Heart of the problem is the following: why does the overwhelming
majority of the Sinhalese do not recognize what only appears to be the
blatantly obvious and justifiable reality of the aspirations of the
Tamils to obtain a certain self-determination in the parts of the
country where they are the dominant majority ? The Tamil man’s problem,
as I will henceforth call it – and by ‘man’ I, of course, include both
men and women – is, in a certain sense, a remarkable phenomenon. It is
at once the most elusive and the most obvious problem, depending on
one’s standpoint: one that argues that the Tamil man’s problem is a
pseudo-problem and the one that believes that it is the most serious and
pressing problem in the country right now.

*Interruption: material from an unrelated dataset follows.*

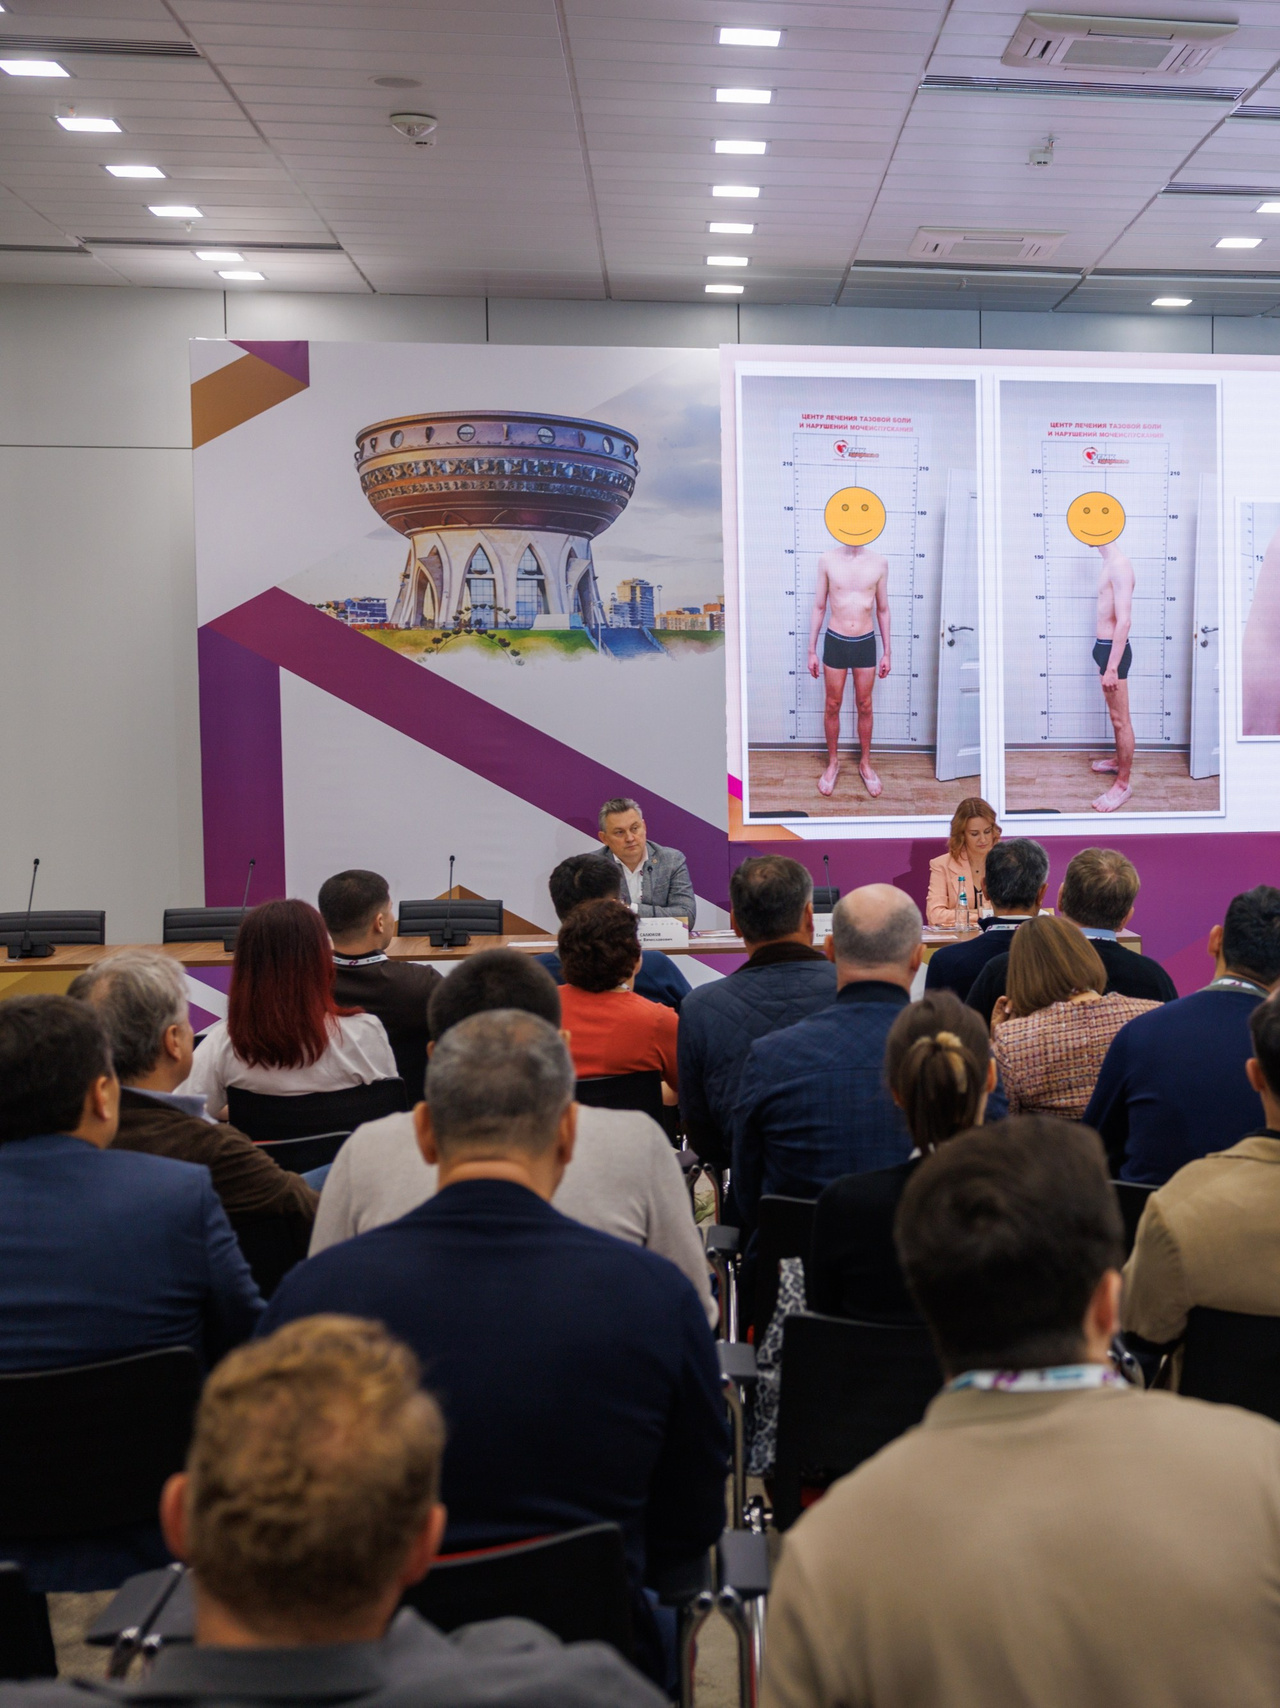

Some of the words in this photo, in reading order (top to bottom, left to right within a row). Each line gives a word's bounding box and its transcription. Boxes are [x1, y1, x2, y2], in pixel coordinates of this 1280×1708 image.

The former position can be summarized thus: ‘Tamils do not have a
problem at all. The colonial rulers had intentionally given privileges
to Tamils, in order to create an ethnic divide in the country and, by
extension to safeguard the smooth functioning of the former’s rule. At
the end of the colonial rule, Tamil leaders perceived that they would no
longer be getting the privileges they enjoyed during the colonial rule
insofar as the numerical majority of the country would become its new
rulers, as indeed it should be according to the natural destiny
of the country, in tune with its pre-colonial history. With this
realization the Tamil leaders started to demand an unjustifiable share
in legislative power and started to mobilize the average Tamil people
around a mythical homeland, when in fact, the latter did not have a
problem being a Tamil. It was the leaders who corrupted the minds of the
people in order to maintain the privileges the former enjoyed. Tamil
‘problem’ itself is an illusion’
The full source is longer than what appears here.